*** Data
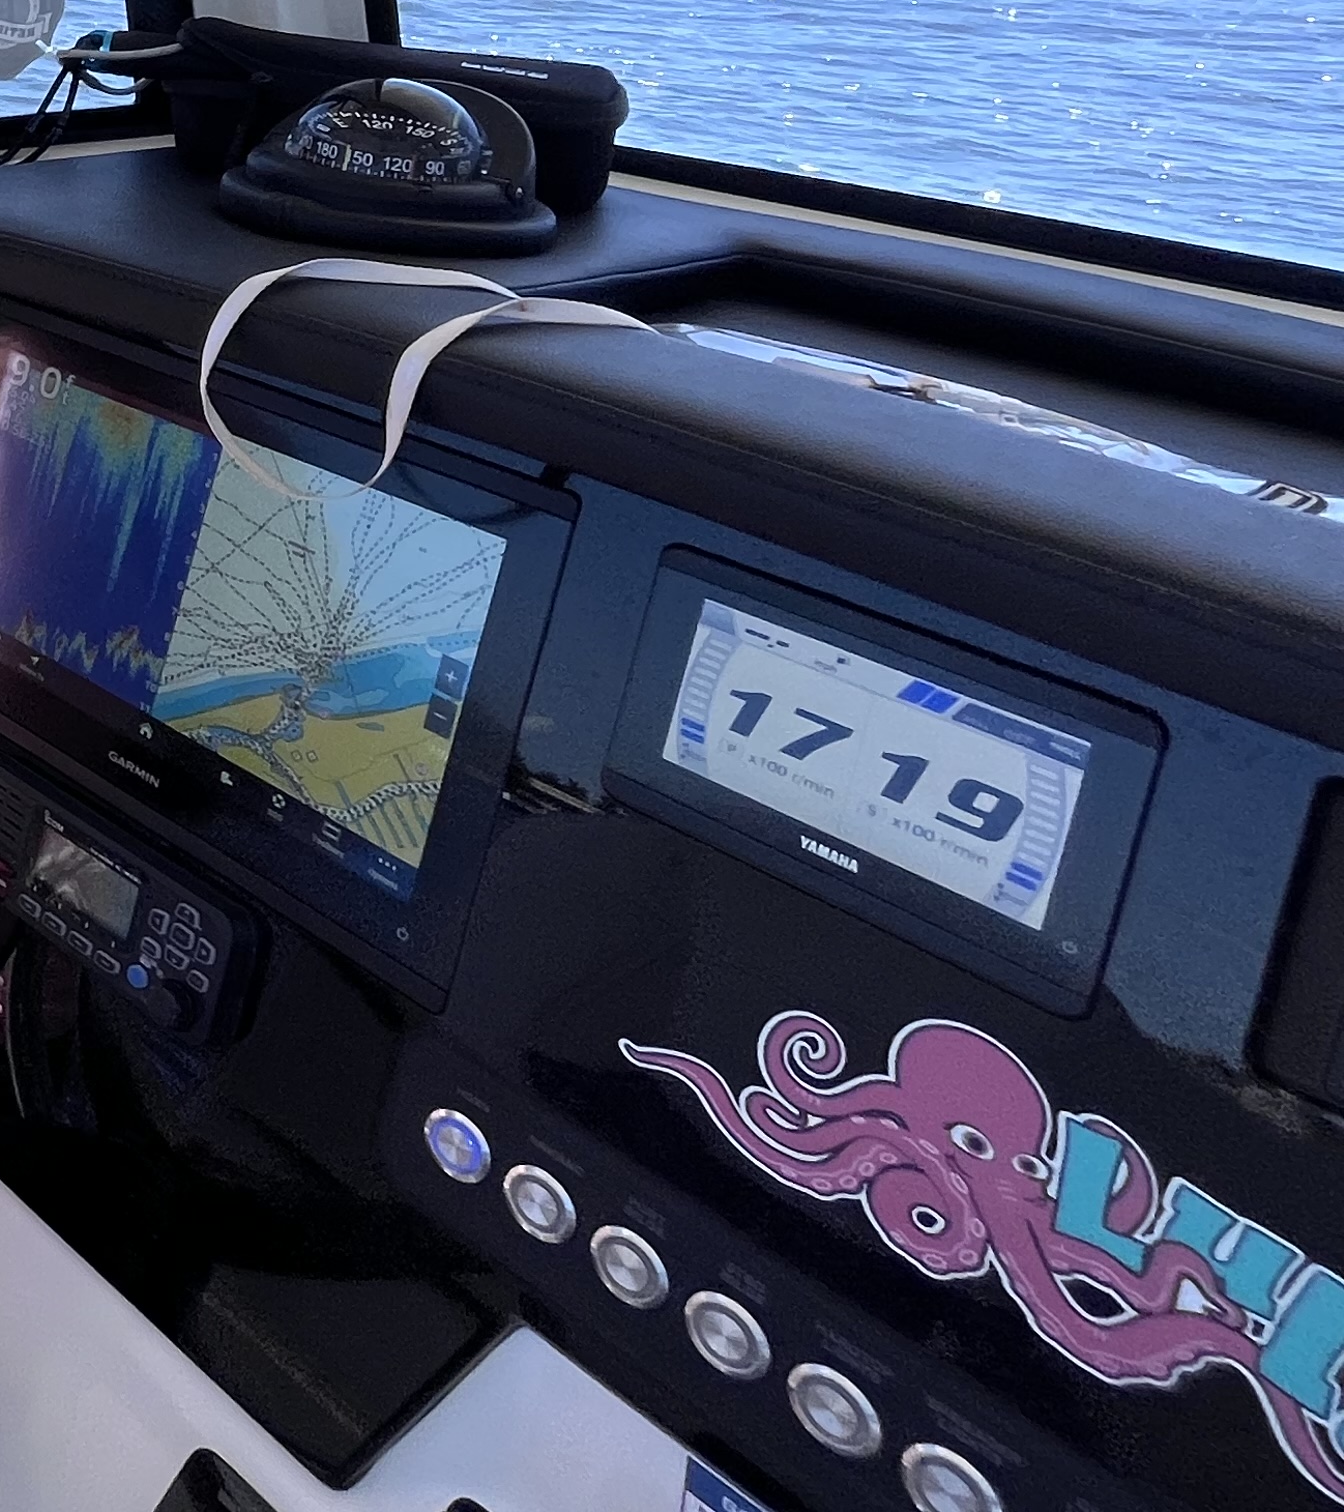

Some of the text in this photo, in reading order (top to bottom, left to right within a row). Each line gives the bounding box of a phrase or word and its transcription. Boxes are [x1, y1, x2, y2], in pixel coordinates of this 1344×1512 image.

[362, 119, 393, 130] 120
[405, 126, 435, 138] 150
[316, 141, 338, 159] 180
[383, 156, 413, 173] 120
[425, 160, 445, 176] 90
[107, 750, 161, 789] GARMIN
[729, 689, 1025, 842] 17 19
[799, 834, 858, 874] YAMAHA
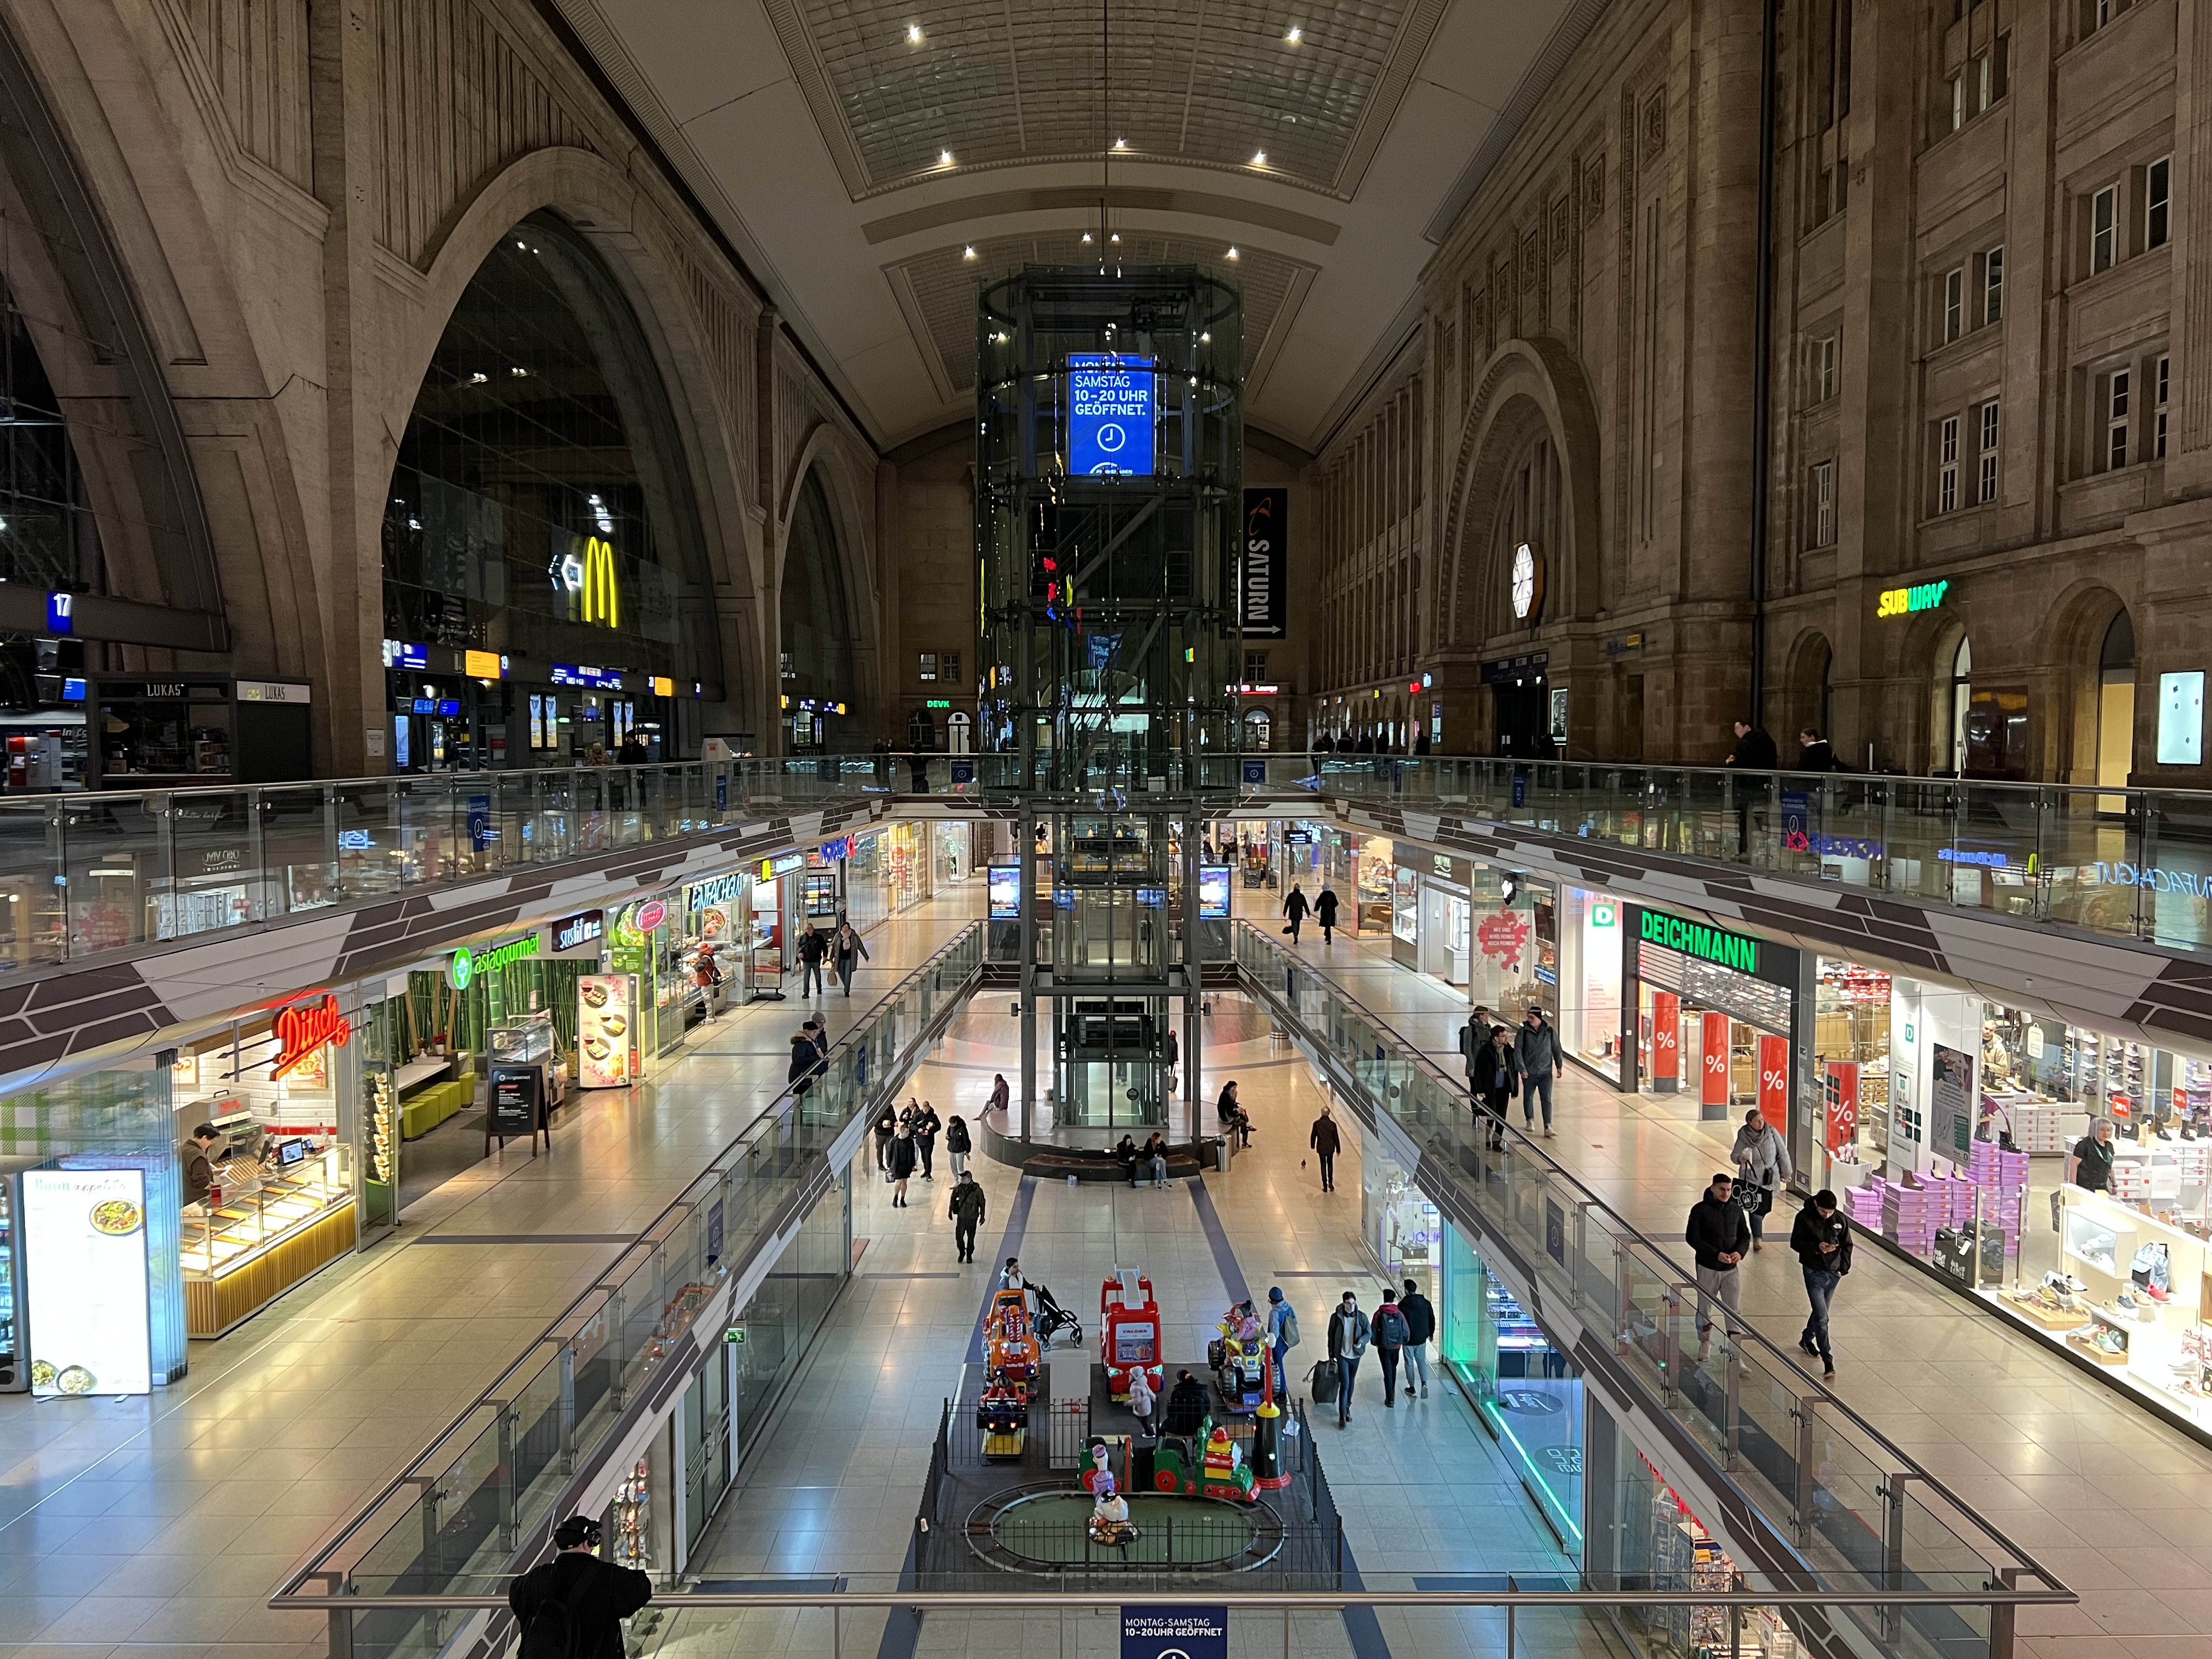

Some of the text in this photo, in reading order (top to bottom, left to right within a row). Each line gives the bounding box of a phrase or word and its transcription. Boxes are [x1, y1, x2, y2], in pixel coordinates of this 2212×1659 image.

[1075, 375, 1130, 387] SAMSTAG
[1119, 390, 1148, 401] UHR
[1075, 401, 1146, 415] GEÖFFNET.
[1248, 539, 1269, 620] SATURN
[54, 593, 72, 617] 17
[1877, 580, 1948, 618] SUBWAY
[147, 684, 180, 697] LUKAS
[264, 685, 285, 700] LUKAS
[1595, 907, 1613, 924] D
[1642, 911, 1754, 973] DEICHMANN
[475, 933, 540, 974] asiagourmet
[277, 994, 338, 1067] Ditsch
[2114, 1102, 2128, 1113] 30%
[1125, 1618, 1210, 1627] MONTAG-SAMSTAG
[1175, 1625, 1222, 1636] GEÖFFNET
******
* [How to complete this task]: Retype, without changes, the lines from the line holding "this 2212×1659 image." to the end of the data, both ends included.

* [Solution to the exercise]:
Some of the text in this photo, in reading order (top to bottom, left to right within a row). Each line gives the bounding box of a phrase or word and its transcription. Boxes are [x1, y1, x2, y2], in pixel coordinates of this 2212×1659 image.

[1075, 375, 1130, 387] SAMSTAG
[1119, 390, 1148, 401] UHR
[1075, 401, 1146, 415] GEÖFFNET.
[1248, 539, 1269, 620] SATURN
[54, 593, 72, 617] 17
[1877, 580, 1948, 618] SUBWAY
[147, 684, 180, 697] LUKAS
[264, 685, 285, 700] LUKAS
[1595, 907, 1613, 924] D
[1642, 911, 1754, 973] DEICHMANN
[475, 933, 540, 974] asiagourmet
[277, 994, 338, 1067] Ditsch
[2114, 1102, 2128, 1113] 30%
[1125, 1618, 1210, 1627] MONTAG-SAMSTAG
[1175, 1625, 1222, 1636] GEÖFFNET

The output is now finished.